In my Rmd files, I am using a div to wrap around notes and warnings styled with a css file. For example:
<div class="note">
This is a note.
</div>
Obviously, HTML and CSS is ignored when generating the PDF file. I was wondering if there is a way to "inject" a small script that would replace the div with, for example, a simple prefix text.
Or, is there another way to have it formatted in HTML and in the PDF without littering my file by adding something lengthy every time like:
if (knitr::is_html_output(excludes='epub')) {
cat('
<div class="note">
This is a note.
</div>
')
} else {
cat('Note: This is a note.')
}
I could also style blockquotes as described here but it is not an option as I still need blockquotes.
The appropriate way to do this is to use a fenced div rather than inserting HTML directly into your markdown and trying to parse it later with LUA. Pandoc already allows you to insert custom styles and process them to both file types. In other words, it will take care of creating the appropriate HTML and LaTeX for you, and then you just need to style each of them. The Bookdown documentation references this here, but it simply points to further documentation here, and here.
This method will create both your custom classed div in html and apply the same style name in the LaTeX code.
So, for your example, it would look like this:
::: {.note data-latex=""}
This is a note.
:::
The output in HTML will be identical to yours:
<div class="note">
<p>This is a note.</p>
</div>
And you've already got the CSS you want to style that.

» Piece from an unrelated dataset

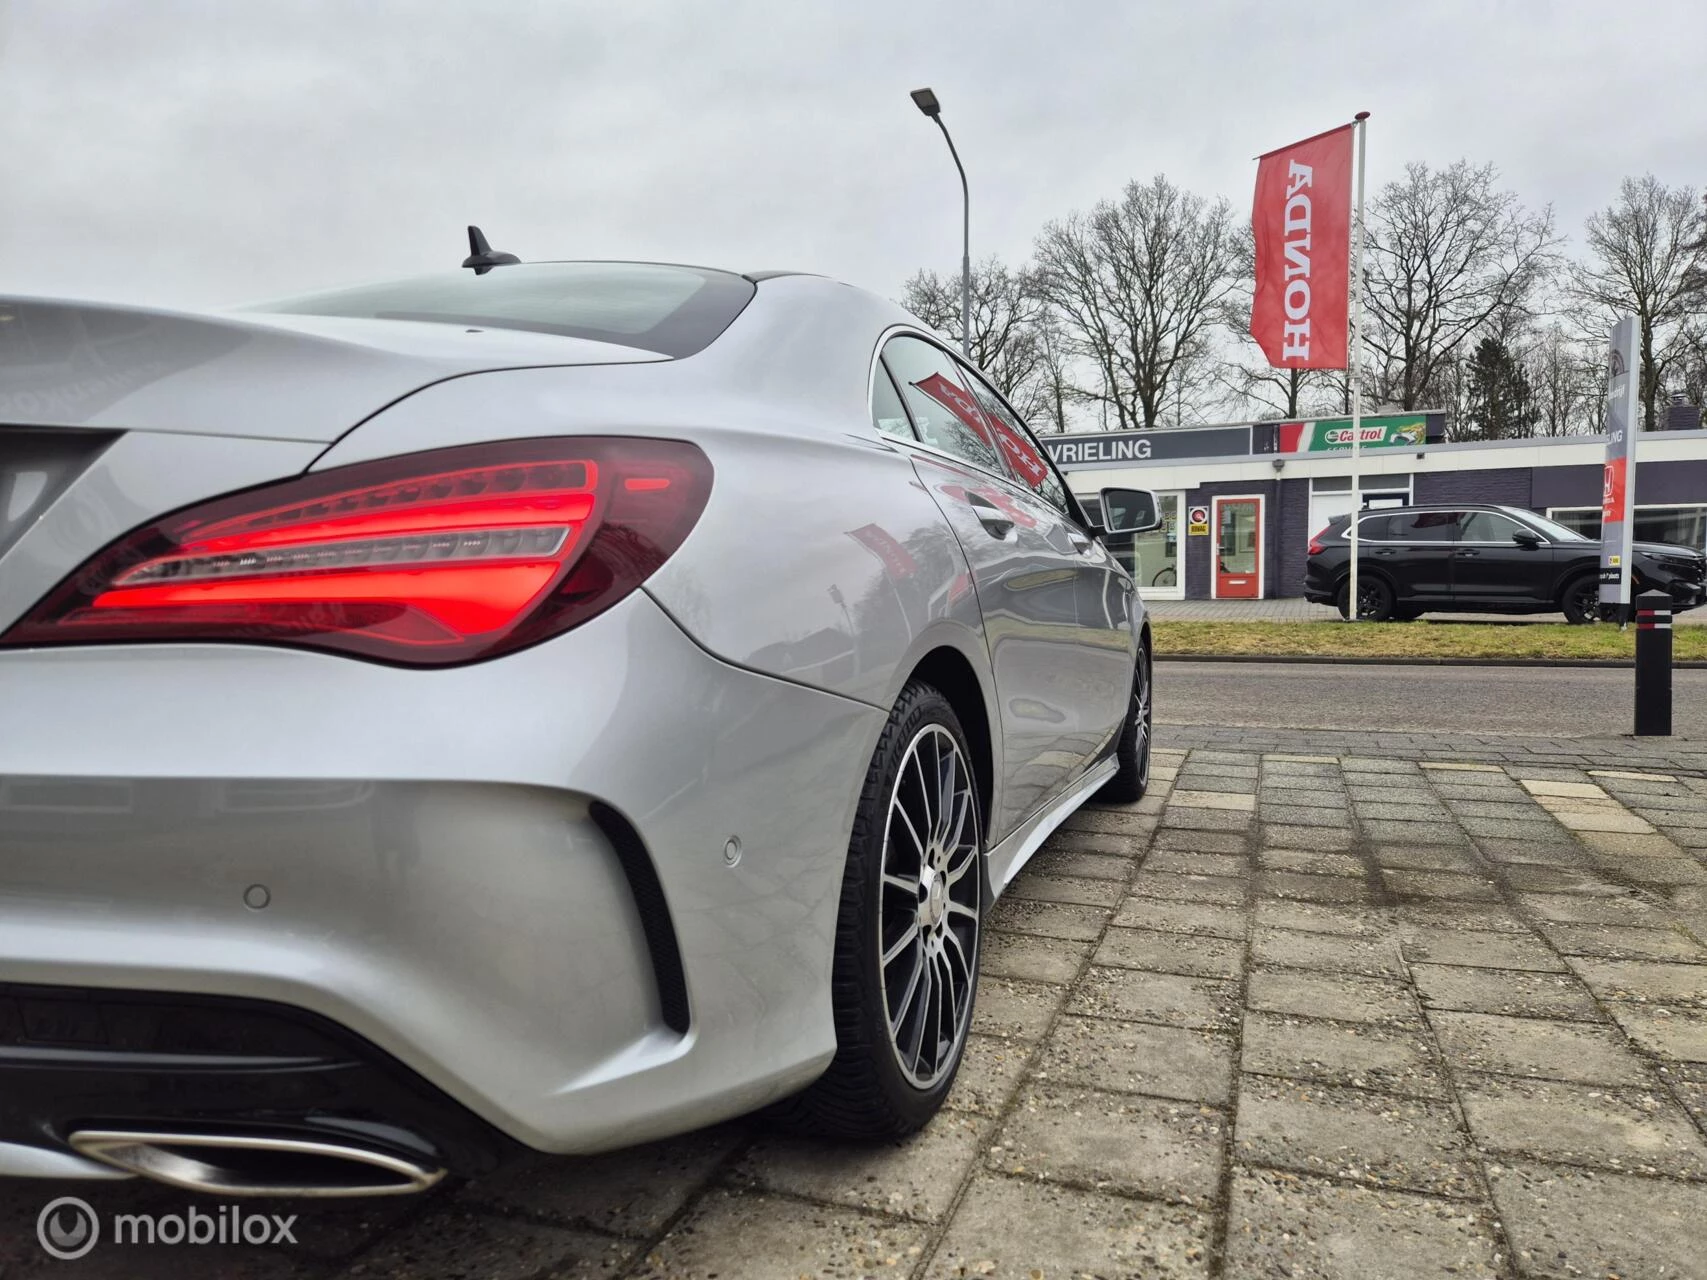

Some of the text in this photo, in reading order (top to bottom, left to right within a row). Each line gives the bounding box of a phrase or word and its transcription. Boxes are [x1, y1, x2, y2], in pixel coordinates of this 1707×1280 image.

[1282, 159, 1313, 361] HONDA
[1339, 427, 1382, 442] Catrol
[1047, 439, 1152, 462] VRIELING

The LaTeX code will be as follows:
\begin{note}
This is a note.
\end{note}
To style that you'll need to add some code to your preamble.tex file, which you've already figured out as well. Here's a very simple example of some LaTeX that would simply indent the text from both the left and right sides:
\newenvironment{note}[0]{\par\leftskip=2em\rightskip=2em}{\par\medskip}
I found this answer on tex.stackexchange.com which brought me on the right track to solve my problem.
Here is what I am doing.
Create boxes.lua with following function:
function Div(element)
-- function based on https://tex.stackexchange.com/a/526036
if
element.classes[1] == "note"
or element.classes[1] == "side-note"
or element.classes[1] == "warning"
or element.classes[1] == "info"
or element.classes[1] == "reading"
or element.classes[1] == "exercise"
then
-- get latex environment name from class name
div = element.classes[1]:gsub("-", " ")
div = div:gsub("(%l)(%w*)", function(a, b) return string.upper(a)..b end)
div = "Div"..div:gsub(" ", "")
-- insert element in front
table.insert(
element.content, 1,
pandoc.RawBlock("latex", "\\begin{"..div.."}"))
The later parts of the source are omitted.